After performing submerged arc welding in this way, the amount of diffusible hydrogen in the weld metal was measured by gas chromatography in accordance with JIS standard Z3118. The results are shown in Table 2.

  As is apparent from Table 2, the melt type flux of the invention example achieves low oxygen and low hydrogen of the weld metal by submerged arc welding, and has good welding workability such as bead shape and slag peelability.

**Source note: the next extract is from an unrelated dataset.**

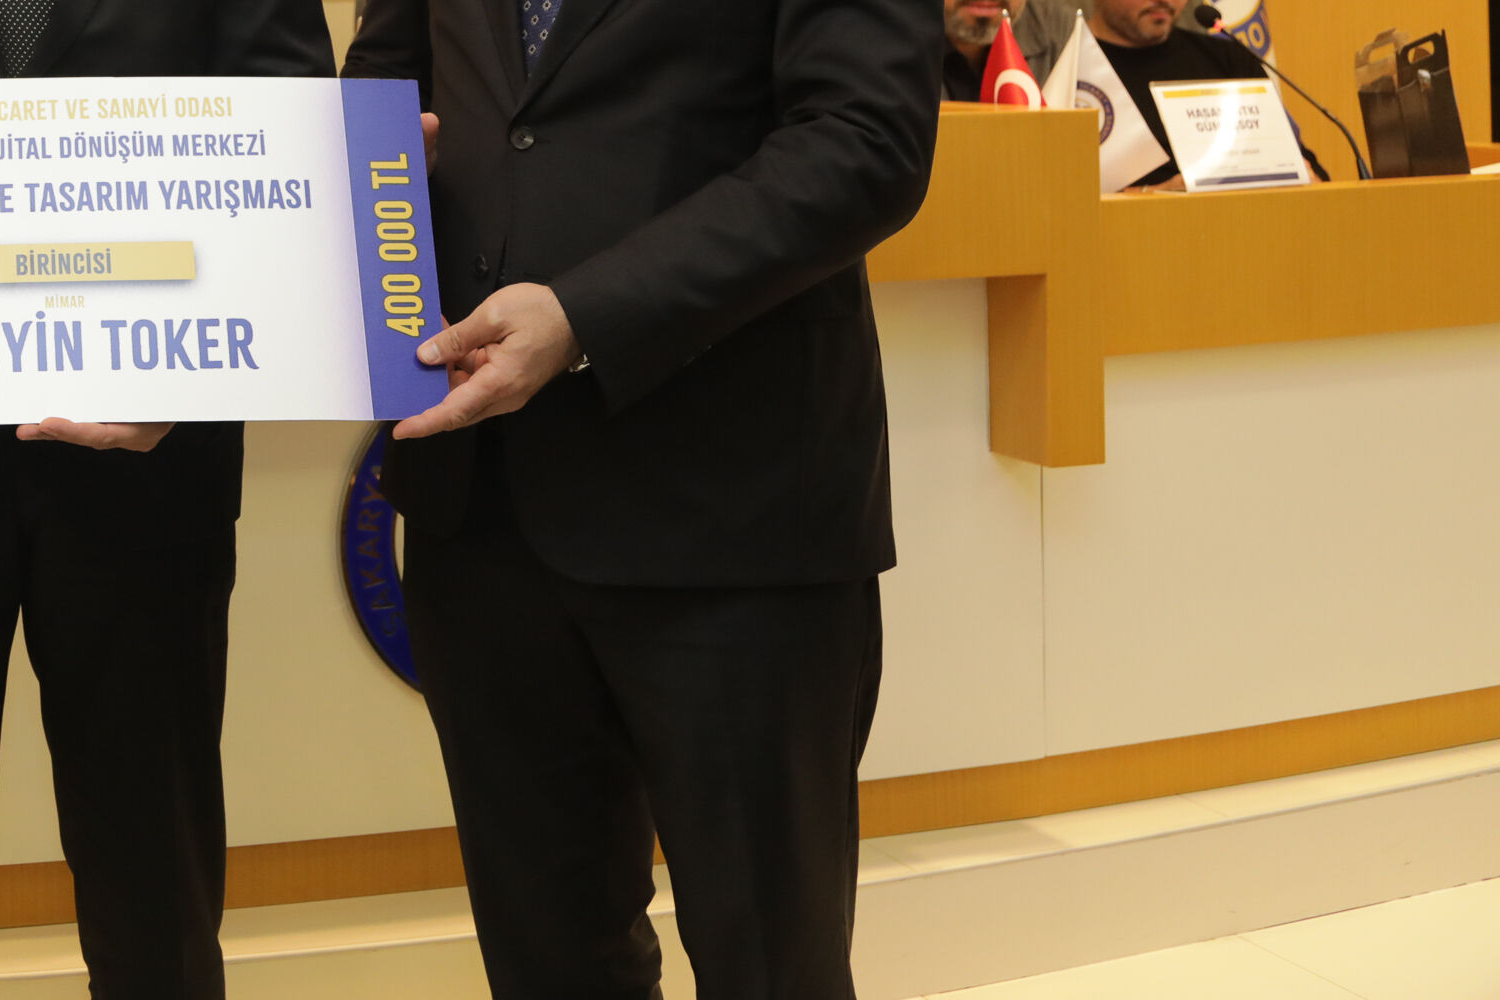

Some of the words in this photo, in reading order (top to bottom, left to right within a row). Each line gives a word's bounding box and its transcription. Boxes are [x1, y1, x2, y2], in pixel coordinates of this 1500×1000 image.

Was confirmed.

Claims (2)

A melt flux for use in submerged arc welding, SiO _2: 15 to 30 wt%, MnO: 2 to 10 wt%, TiO _2: 1~6 wt%, CaO: 10 to 25 wt%, CaF _2: 15 40 mass%, Al ₂ O _3: 5~30 wt%, MgO: 2 to 10 wt%, FeO: 0.3 to 3.0 wt%, B ₂ O _3: containing 0.6 wt% or less, the balance being unavoidable impurities And the contents (mass%) of the SiO ₂ , the MnO, the TiO ₂ , the CaO, the CaF ₂ , the Al ₂ O ₃ , and the MgO are [% SiO ₂ ], [% MnO], [% TiO ₂ ], [% CaO], [% CaF ₂ ], [% Al ₂ O ₃ ], [% MgO], the BI value calculated by the following formula (1) satisfies 1.3 or more, And [% CaF ₂ ] / [% CaO] satisfies 1 or more.
BI = [0.5 [% MnO] + [% CaO] + [% MgO] + [% CaF ₂ ]] ÷
[[% SiO ₂ ] +0.5 ([% TiO ₂ ] + [% Al ₂ O ₃ ])] (1)   2. The slag having a viscosity of 0.2 poise or more at 1500 ° C. and 5 to 30 poise at 1100 ° C. is formed by the molten flux using the submerged arc welding. The melt type flux described in 1.